What needs to be done: An exact copy of the records is required, minus the pictures they hold.

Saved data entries
------------------------------------------------------------
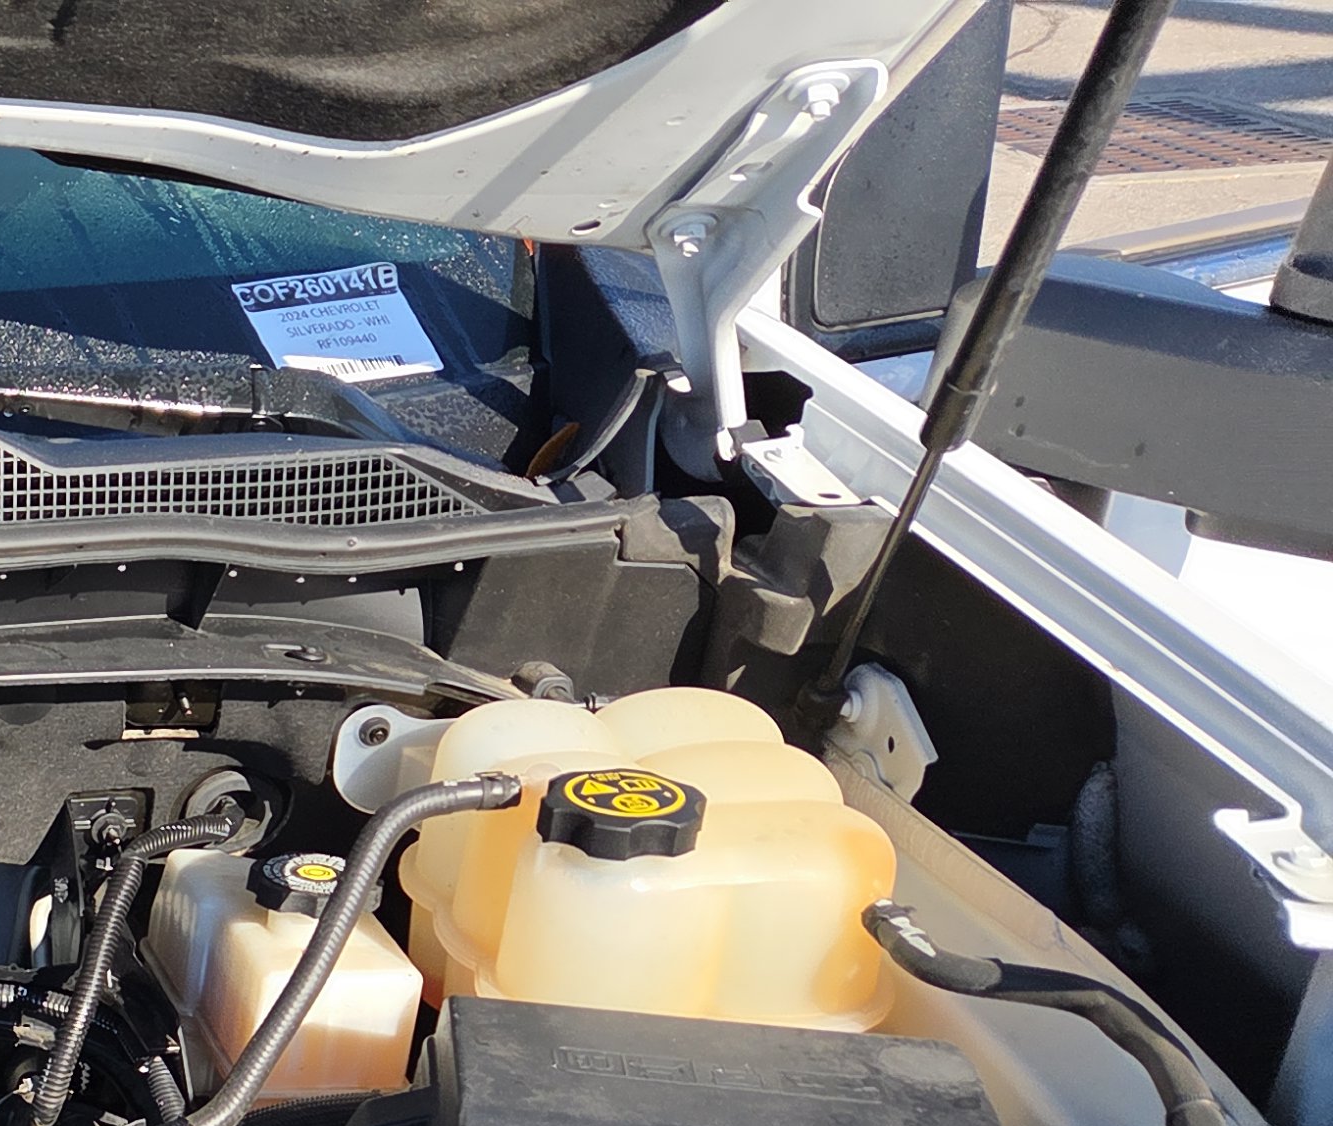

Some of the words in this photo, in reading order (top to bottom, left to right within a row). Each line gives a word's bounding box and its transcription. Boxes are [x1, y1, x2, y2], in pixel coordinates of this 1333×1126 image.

[278, 310, 309, 323] 2024
[310, 300, 380, 319] CHEVROLET
[286, 319, 355, 338] SILVERADO
[364, 314, 391, 327] WHI
[317, 332, 377, 350] RF109440
------------------------------------------------------------
Expected answer:
Some of the words in this photo, in reading order (top to bottom, left to right within a row). Each line gives a word's bounding box and its transcription. Boxes are [x1, y1, x2, y2], in pixel coordinates of this 1333×1126 image.

[278, 310, 309, 323] 2024
[310, 300, 380, 319] CHEVROLET
[286, 319, 355, 338] SILVERADO
[364, 314, 391, 327] WHI
[317, 332, 377, 350] RF109440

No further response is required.